Gov. Paterson, Assembly Speaker Sheldon Silver and Senate Democratic boss John Sampson picked a company to run thousands of slot machines at the decrepit raceway in dead-of-night secrecy that reeks of favoritism and fixes.
With hundreds of millions of dollars at stake both for the public and the firm that won the franchise, Paterson, Silver and Sampson solicited proposals from would-be gaming interests. Six submitted credible bids.
Since then, outrageously, the trio has:
- Refused to let the public see any details of the proposals – how much money each bidder put on the table, what skeletons they had in their closets or how their building designs stacked up.
- Repeatedly changed bidding rules in the middle of the game, demanding increasingly fat upfront payments to plug holes in the state budget.
- Fomented an orgy of campaign donations and spending by politically connected lobbyists.
- Generally conducted themselves so badly that developer Steve Wynn – Mr. Vegas himself – walked away in disgust.
Stunningly, not even Friday’s choice of Aqueduct Entertainment Group as the winning bid was straightforward. Silver immediately put conditions on his okay, hinting that AEG was not the highest bidder and had a crook on its payroll.
That and the company’s inside connections to Sampson and Senate President Malcolm Smith strongly suggested it was rigged from the get-go.
Making matters worse, Paterson quickly approached a key player at AEG – influential minister and former Congressman Floyd Flake – to solicit his political support in the coming election.
The governor said he waited until the deal was done to avoid the appearance of a quid pro quo. So call it a quo pro quid.
Even yesterday, the governor’s office admitted that the Lottery Division had given low marks to AEG early on. But no one knows exactly why, because it won’t make those documents public.
This doesn’t even come close to the standards of competitive bidding and good government.
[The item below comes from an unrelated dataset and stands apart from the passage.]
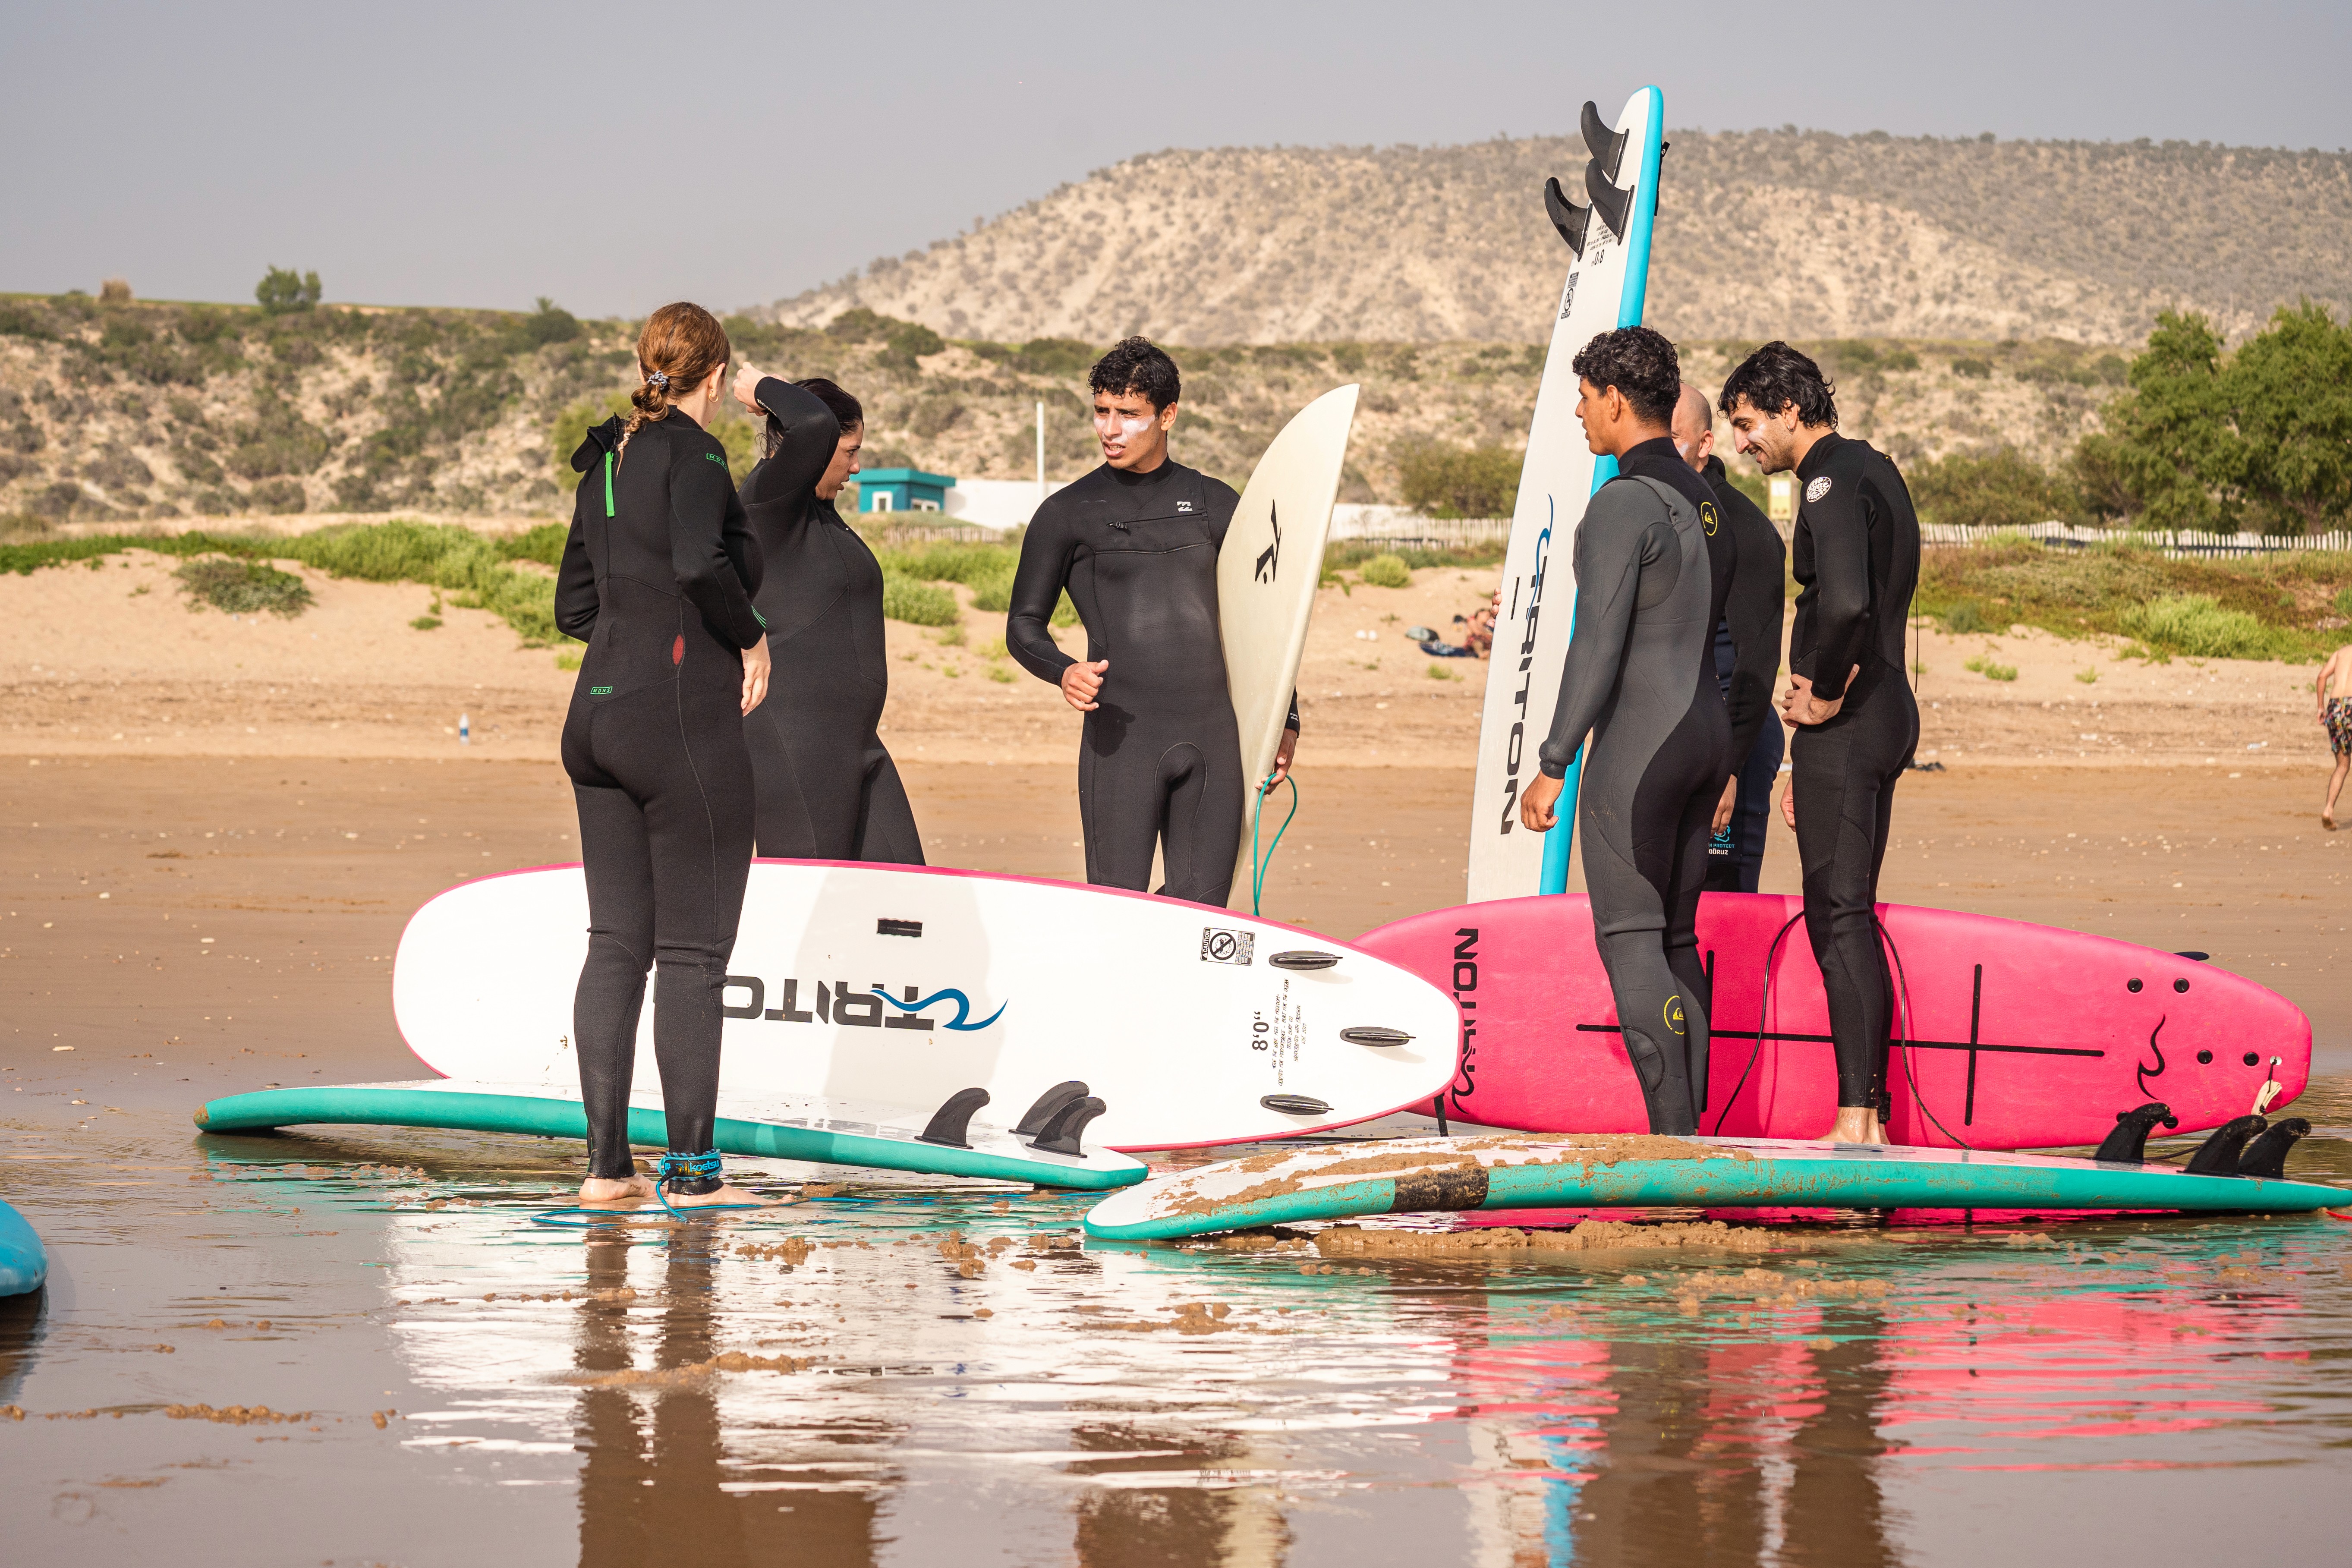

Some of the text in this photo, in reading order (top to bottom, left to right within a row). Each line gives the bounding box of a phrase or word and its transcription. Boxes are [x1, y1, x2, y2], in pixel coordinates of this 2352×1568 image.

[1501, 555, 1548, 835] TRITON
[654, 971, 934, 1031] TRITO
[689, 1160, 720, 1172] koetsu
The public can have no faith that this was a real effort, on the merits, to identify the best outfit to install and operate 4,500 video slots at Aqueduct.
Which, by the way, the state shouldn’t be doing in the first place.
It shouldn’t be immersing itself even deeper in the business of encouraging its citizens to gamble.
It shouldn’t be diverting a big chunk of the proceeds, supposedly earmarked for education, to prop up a dying horse-racing industry.
It shouldn’t be taking a huge swath of Ozone Park – with enormous economic potential – and frittering it away on a half-baked scheme.
This is a scandal wrapped around an outrage.
Before another a step is taken, Paterson, Sampson and Silver must release every bidding document, every scrap of correspondence, every e-mail, every internal scorecard. All of it. They must convince the public this is something other than a crooked deal, or we’re entitled to assume the worst.